* _Task prompt_
Each record below gets repeated exactly, and pictures stay out of the copy.

* _Text-to-region grounding data_
= Beginning of Section =

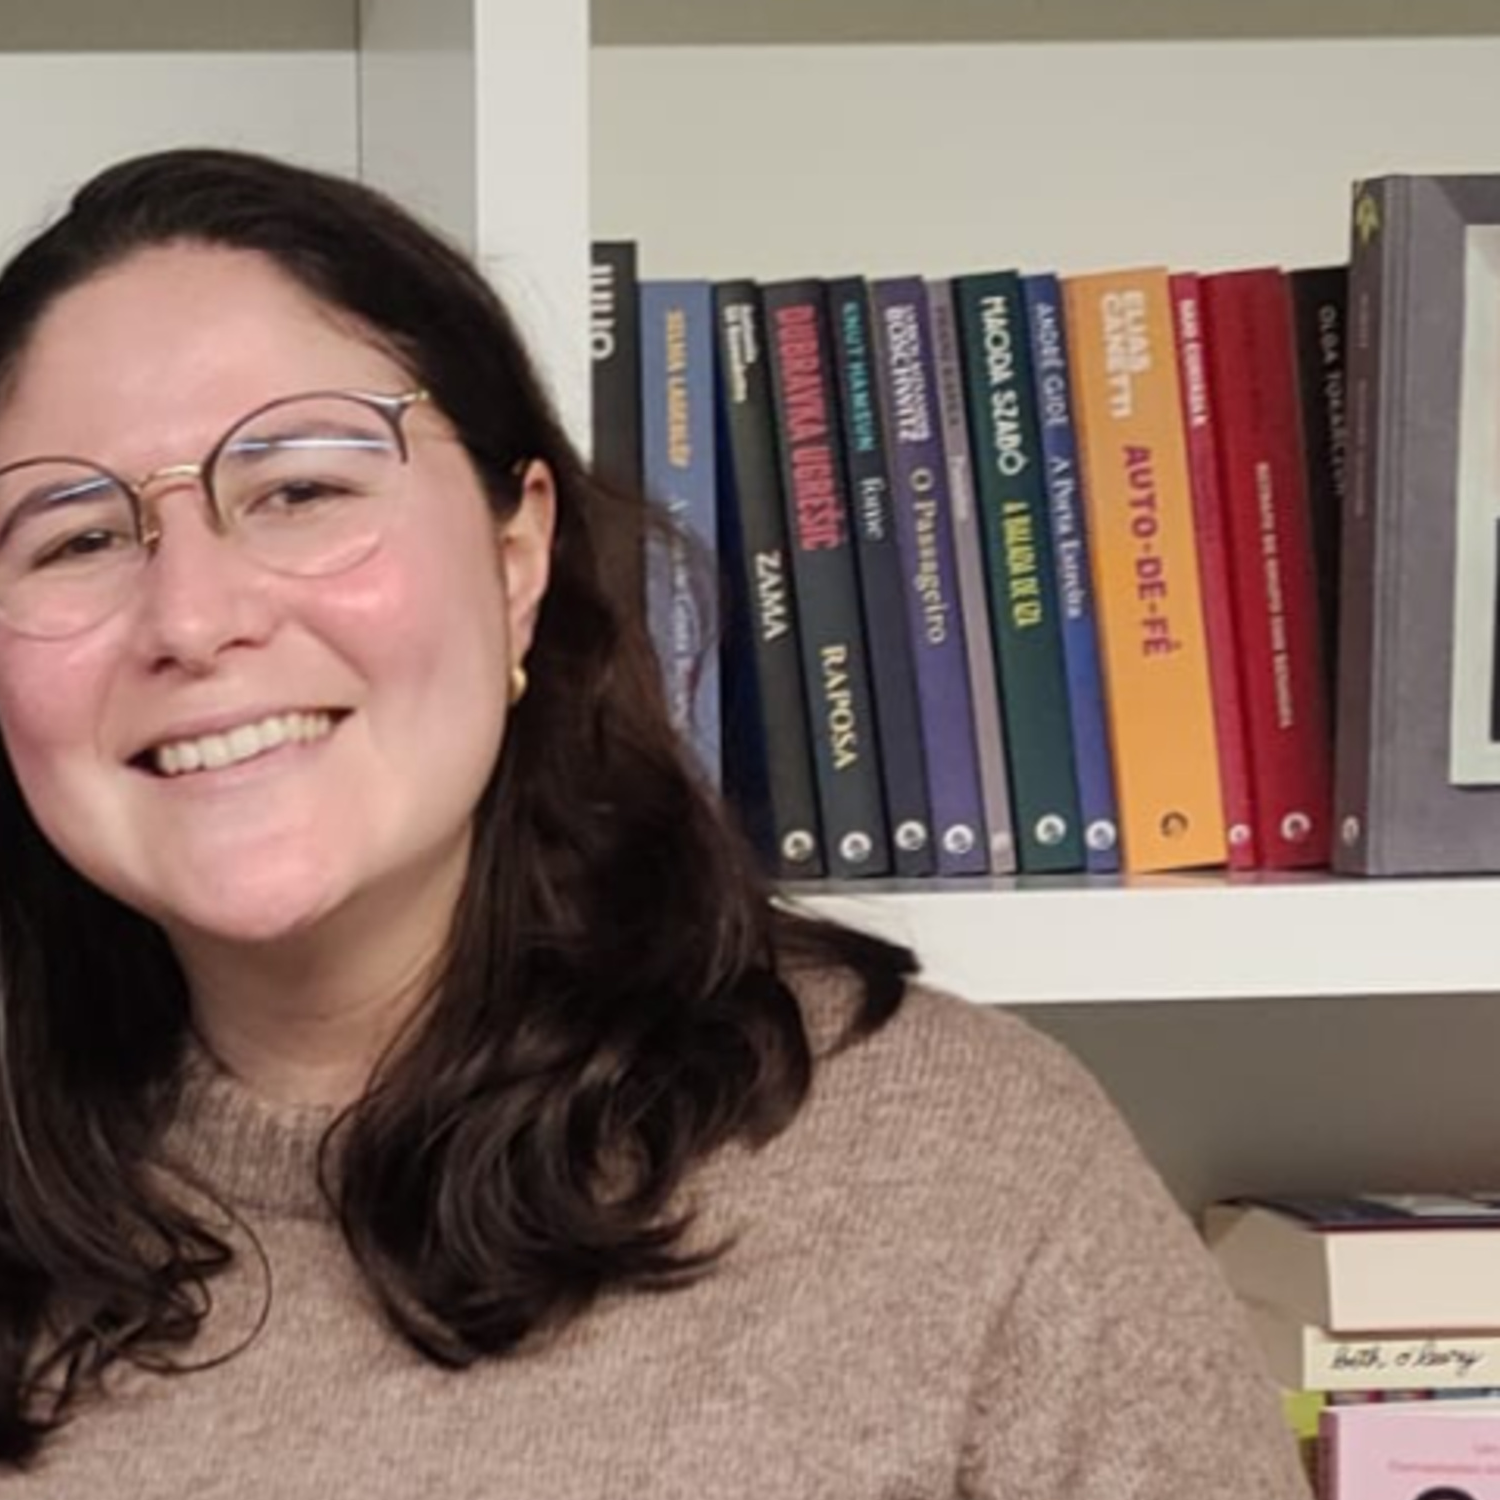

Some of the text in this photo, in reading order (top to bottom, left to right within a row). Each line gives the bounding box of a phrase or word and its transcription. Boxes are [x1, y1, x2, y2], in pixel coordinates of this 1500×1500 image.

[774, 303, 829, 448] DUBRAVKA
[755, 550, 789, 642] ZAMA
[909, 468, 950, 644] O Passageiro
[1121, 444, 1183, 657] AUTO-DE-FÉ
[821, 644, 858, 771] RAPOSA

= End of Section =

* _Result below_
Some of the text in this photo, in reading order (top to bottom, left to right within a row). Each line gives the bounding box of a phrase or word and its transcription. Boxes are [x1, y1, x2, y2], in pixel coordinates of this 1500×1500 image.

[774, 303, 829, 448] DUBRAVKA
[755, 550, 789, 642] ZAMA
[909, 468, 950, 644] O Passageiro
[1121, 444, 1183, 657] AUTO-DE-FÉ
[821, 644, 858, 771] RAPOSA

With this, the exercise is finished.